# Exercise goal
I'd like every entry transcribed word for word, with no pictures.

(Items from a dataset)
####################

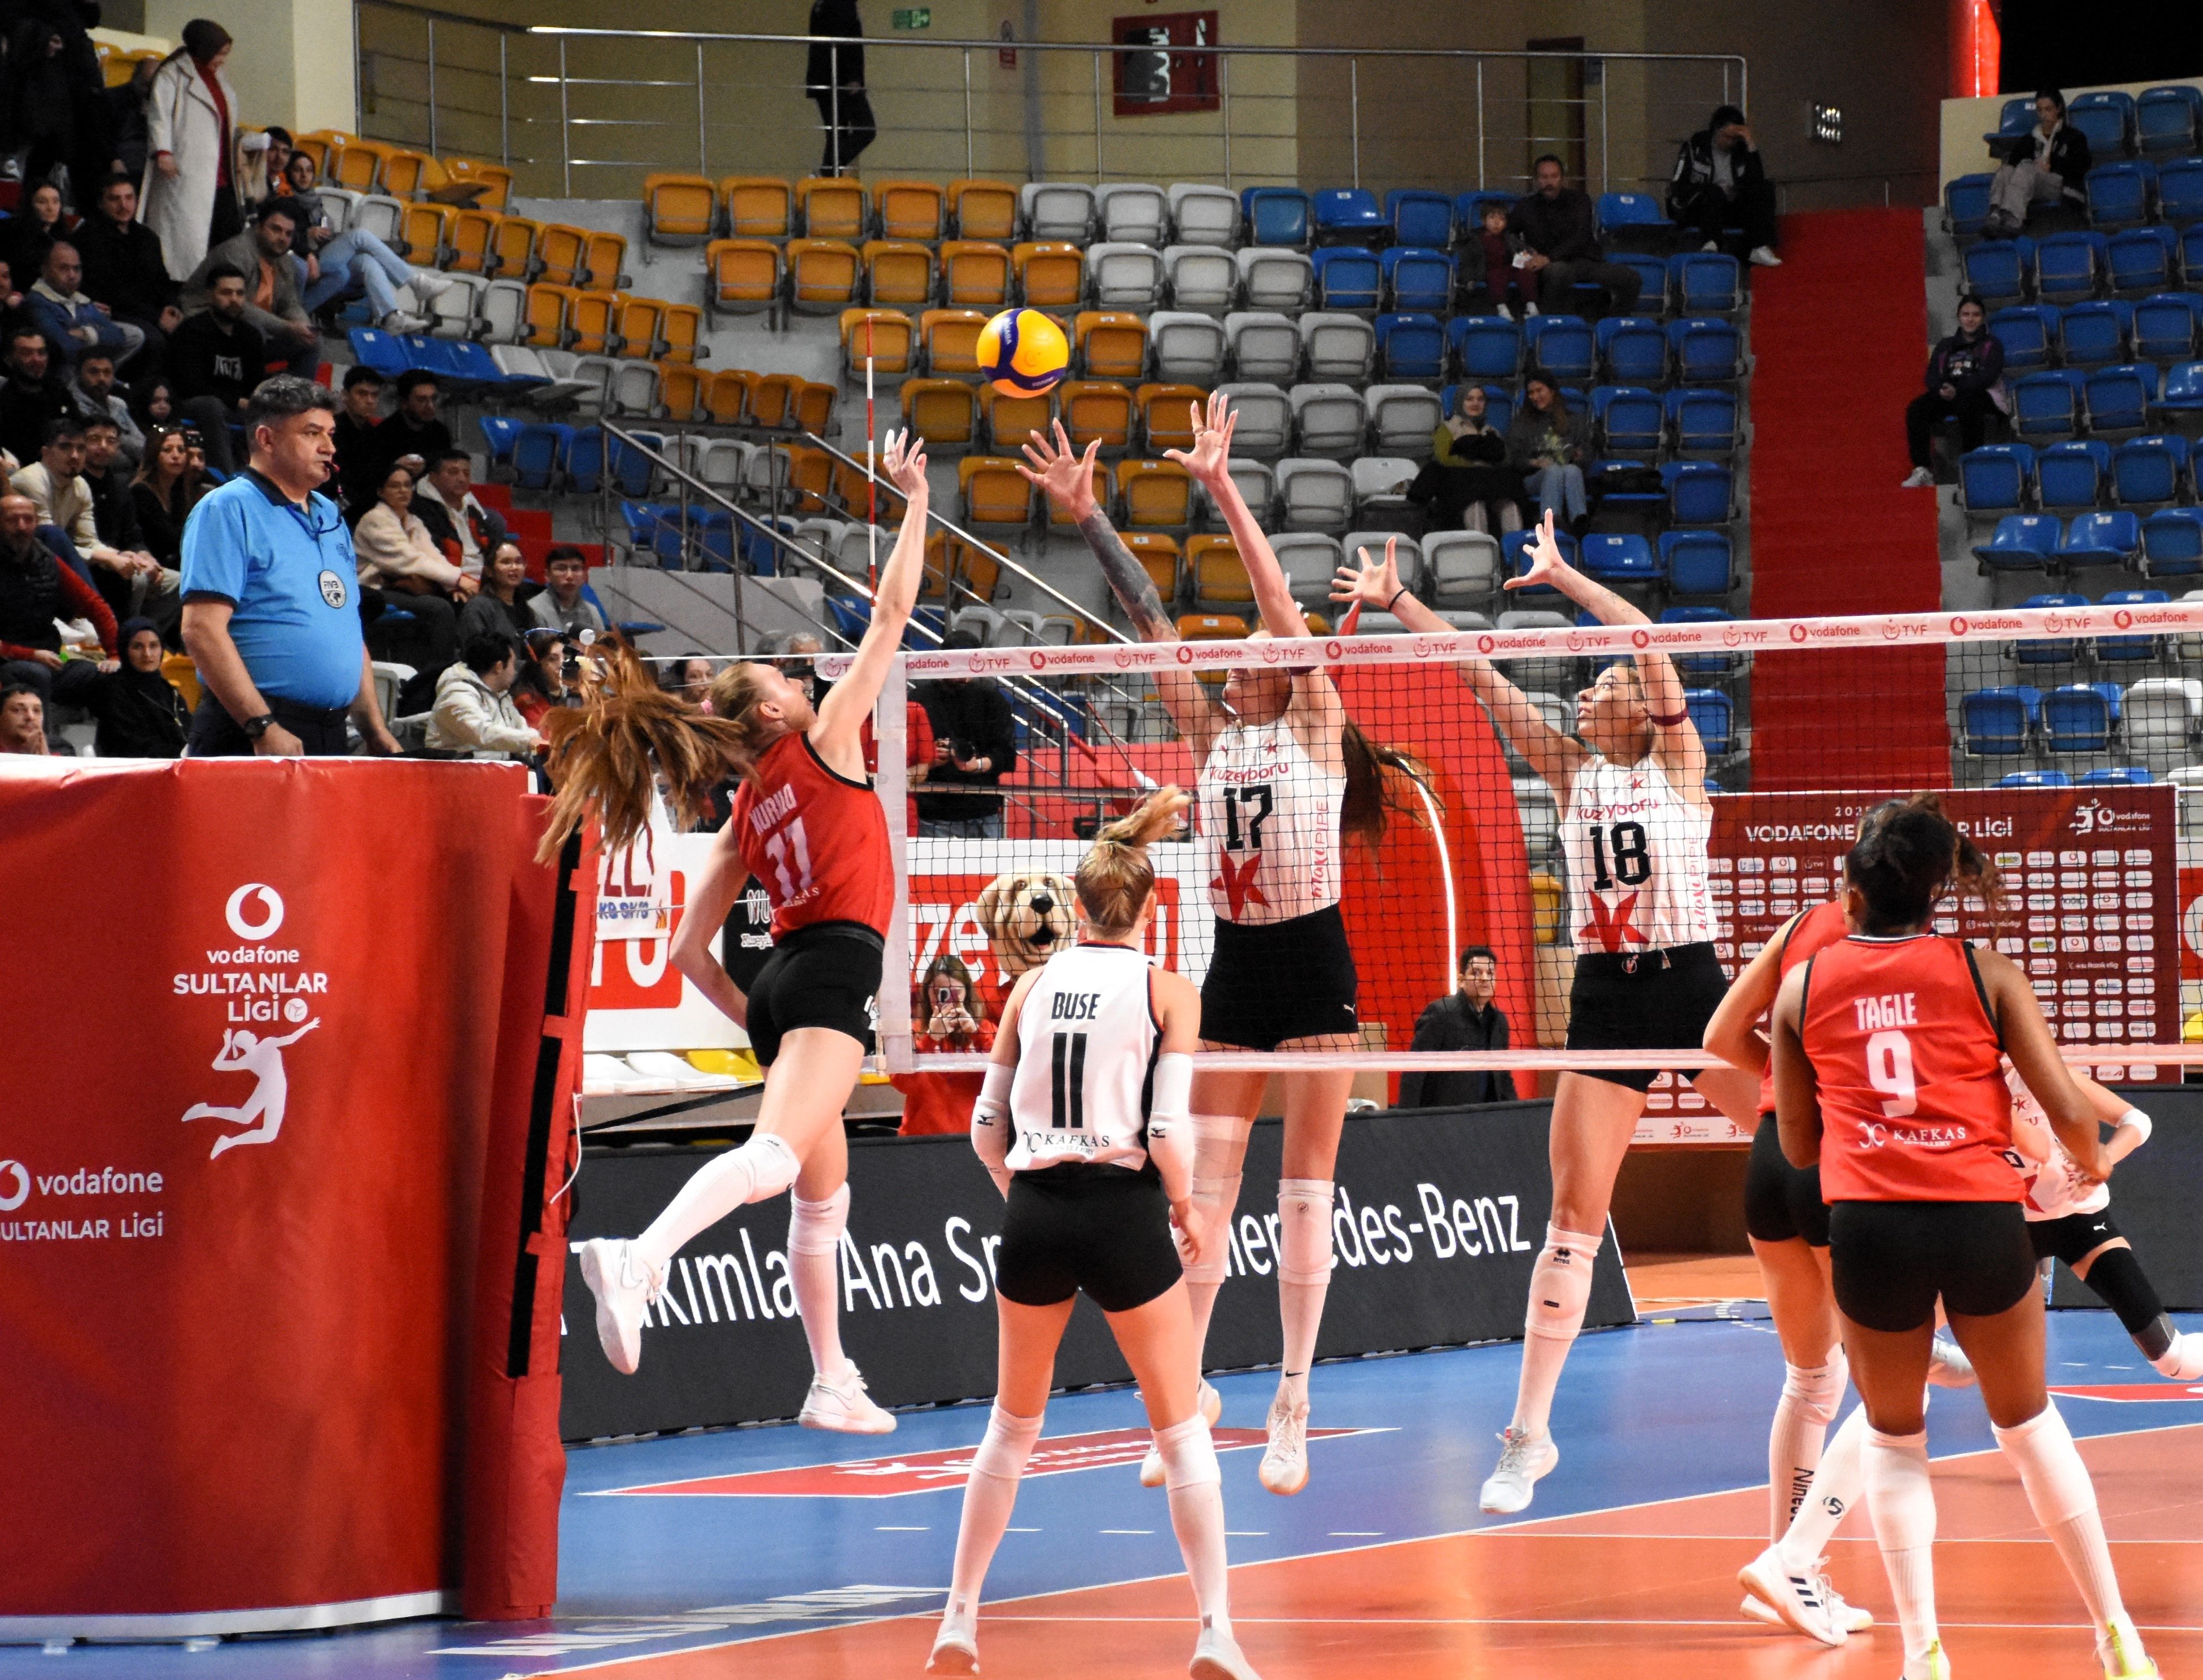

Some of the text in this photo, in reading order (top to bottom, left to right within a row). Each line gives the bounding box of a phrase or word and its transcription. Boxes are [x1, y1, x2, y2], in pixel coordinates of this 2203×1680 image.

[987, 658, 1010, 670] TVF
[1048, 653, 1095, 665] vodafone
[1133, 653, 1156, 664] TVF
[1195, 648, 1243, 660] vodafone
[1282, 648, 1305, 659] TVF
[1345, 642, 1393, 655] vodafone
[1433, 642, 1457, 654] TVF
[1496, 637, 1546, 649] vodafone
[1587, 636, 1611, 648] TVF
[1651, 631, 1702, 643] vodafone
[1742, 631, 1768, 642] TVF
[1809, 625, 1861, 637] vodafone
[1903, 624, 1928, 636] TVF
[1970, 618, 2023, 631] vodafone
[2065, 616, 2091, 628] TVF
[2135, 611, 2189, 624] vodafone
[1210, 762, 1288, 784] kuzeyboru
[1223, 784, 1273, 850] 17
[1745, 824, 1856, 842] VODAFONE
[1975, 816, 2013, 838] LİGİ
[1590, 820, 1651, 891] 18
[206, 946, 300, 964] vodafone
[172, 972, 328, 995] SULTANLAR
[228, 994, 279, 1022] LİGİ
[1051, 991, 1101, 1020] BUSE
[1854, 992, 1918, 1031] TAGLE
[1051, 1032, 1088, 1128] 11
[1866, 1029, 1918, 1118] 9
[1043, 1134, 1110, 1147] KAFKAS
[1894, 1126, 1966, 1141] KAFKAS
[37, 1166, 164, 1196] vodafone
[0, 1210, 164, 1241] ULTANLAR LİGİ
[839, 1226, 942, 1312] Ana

####################

# Expected answer
Some of the text in this photo, in reading order (top to bottom, left to right within a row). Each line gives the bounding box of a phrase or word and its transcription. Boxes are [x1, y1, x2, y2], in pixel coordinates of this 2203×1680 image.

[987, 658, 1010, 670] TVF
[1048, 653, 1095, 665] vodafone
[1133, 653, 1156, 664] TVF
[1195, 648, 1243, 660] vodafone
[1282, 648, 1305, 659] TVF
[1345, 642, 1393, 655] vodafone
[1433, 642, 1457, 654] TVF
[1496, 637, 1546, 649] vodafone
[1587, 636, 1611, 648] TVF
[1651, 631, 1702, 643] vodafone
[1742, 631, 1768, 642] TVF
[1809, 625, 1861, 637] vodafone
[1903, 624, 1928, 636] TVF
[1970, 618, 2023, 631] vodafone
[2065, 616, 2091, 628] TVF
[2135, 611, 2189, 624] vodafone
[1210, 762, 1288, 784] kuzeyboru
[1223, 784, 1273, 850] 17
[1745, 824, 1856, 842] VODAFONE
[1975, 816, 2013, 838] LİGİ
[1590, 820, 1651, 891] 18
[206, 946, 300, 964] vodafone
[172, 972, 328, 995] SULTANLAR
[228, 994, 279, 1022] LİGİ
[1051, 991, 1101, 1020] BUSE
[1854, 992, 1918, 1031] TAGLE
[1051, 1032, 1088, 1128] 11
[1866, 1029, 1918, 1118] 9
[1043, 1134, 1110, 1147] KAFKAS
[1894, 1126, 1966, 1141] KAFKAS
[37, 1166, 164, 1196] vodafone
[0, 1210, 164, 1241] ULTANLAR LİGİ
[839, 1226, 942, 1312] Ana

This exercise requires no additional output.